Following Adam and Greg’s climb, I challenged myself to a 5.8- route with an overhang. In my climbing experience, overhangs have always been my nemesis. Just the anticipation of tackling an overhang has filled me with anxiety, usually stifling any chance at true success. But as I did with the 5.7, I thought, why the fuck not, and gave it a try.

As I had anticipated, just at the point of the overhang, my progress stalled and my shallow breathing kicked in. My mind went blank while my arms and fingers ached, and I let go, swinging out from the wall. Adam who was belaying me asked if I wanted to stay for another attempt. I replied, “fuck yea!”

Kicking off the wall and swinging myself back towards the route I grabbed a jug and pulled myself back onto the holds. I tried to recall how I had scaled overhangs in past climbs. Get your feet high, I told myself. Feet high, hips into the wall, and swing like a pendulum to get to the next hand hold.

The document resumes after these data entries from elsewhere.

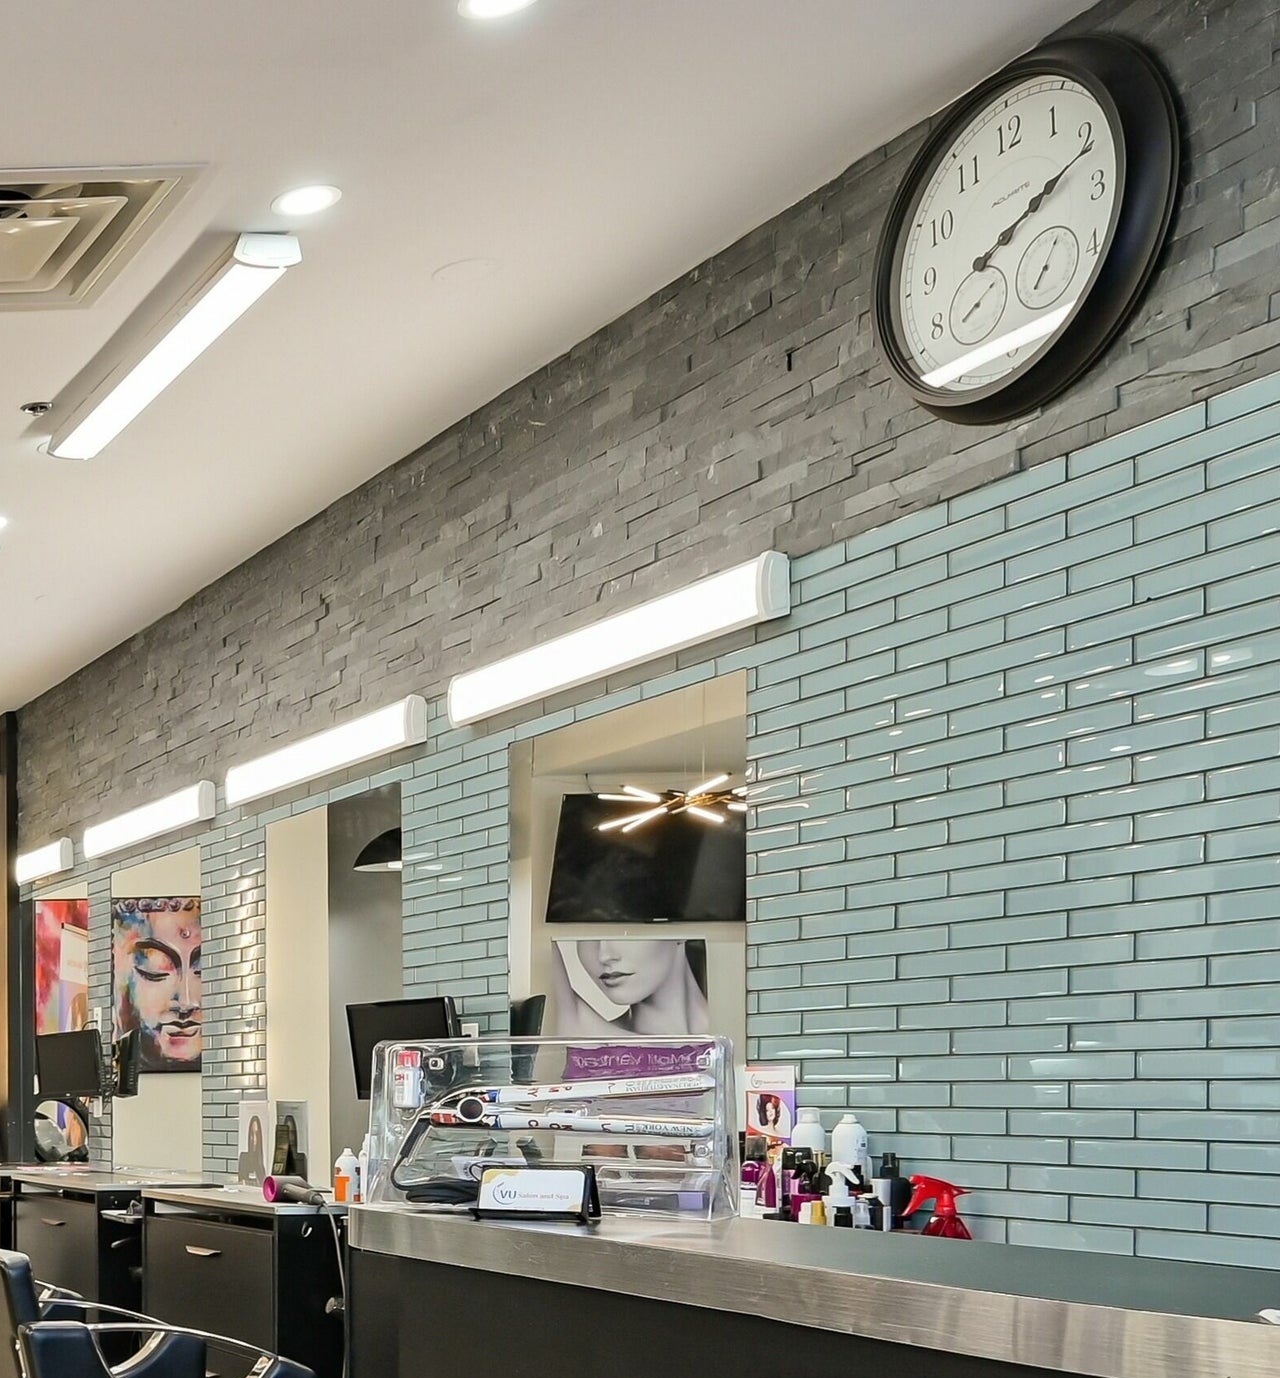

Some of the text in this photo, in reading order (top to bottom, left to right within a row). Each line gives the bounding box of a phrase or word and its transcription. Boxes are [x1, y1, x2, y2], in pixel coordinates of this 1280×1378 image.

[995, 115, 1022, 156] 12
[1048, 106, 1058, 138] 1
[957, 155, 980, 194] 11
[1091, 170, 1105, 200] 3
[930, 209, 954, 248] 10
[1086, 228, 1101, 257] 4
[923, 267, 937, 296] 9
[931, 312, 943, 340] 8
[500, 1190, 517, 1199] VU

After two failed attempts, and some recovery time to regain energy, I  planted my feet high, swung my body up and grabbed the hold letting out a loud grunt, with cheers from Adam and Greg below. I completed the rest of the route, not cleanly, but that didn’t matter. I hadn’t given up, which was a success in itself. Before my hiatus, I would have abandoned the route on my second failed attempt. Tonight though, I had a fire burning inside, determined to push my limits and exceed my own expectations. Defeat was not an option.

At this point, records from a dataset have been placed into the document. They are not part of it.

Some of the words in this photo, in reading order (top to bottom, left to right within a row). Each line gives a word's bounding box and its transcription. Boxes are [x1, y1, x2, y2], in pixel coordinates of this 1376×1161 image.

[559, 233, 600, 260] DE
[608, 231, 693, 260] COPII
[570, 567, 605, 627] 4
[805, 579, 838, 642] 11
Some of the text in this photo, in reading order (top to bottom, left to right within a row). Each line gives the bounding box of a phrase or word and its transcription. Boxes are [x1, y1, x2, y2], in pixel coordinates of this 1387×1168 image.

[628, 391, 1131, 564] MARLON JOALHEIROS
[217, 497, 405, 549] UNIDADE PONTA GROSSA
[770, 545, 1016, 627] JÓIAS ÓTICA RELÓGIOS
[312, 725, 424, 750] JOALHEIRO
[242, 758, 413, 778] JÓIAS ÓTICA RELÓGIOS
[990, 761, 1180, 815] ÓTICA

The rest of the night I stuck to 5.7s and completed one more 5.8 before doing a quick 5.5 to top out, leaving all of my energy on the wall. When the night was over I had nothing but a large grin plastered on my face. I felt exhausted yet empowered, reveling in my personal success.

Coming back from my gap in training, I mentally prepared myself to expect failure. Realistically, There was no way I was going to be able to get back to the 5.9s/5.10s I was working on before my time off, and I knew I had to set realistic goals for myself in the gym. I also relied on self-compassion, allowing myself to be disappointed that I’m not at my best, but I was enough at the moment. This mindset helped me to remain positive when I experienced a set back or challenge, and allowed me to enjoy my time with my friends.  I truly enjoyed my time hanging with Greg and Adam, living in the moment, shooting the shit about life, cheering each other’s successes and supporting one another through our personal struggles on the wall.

Returning to the gym and being not far off of my personal best has renewed my resolve to get back into the climbing routine. It’s my hope that I can cultivate this wild flame of willpower to overcome and surpass all of my own expectations, reaching above what I think I am capable of achieving in the climbing gym and beyond. I implore you to also think beyond your own comfort zone and ability. When you reach beyond the limits  you set for yourself, the possibilities far exceed anything you may be able to ascertain.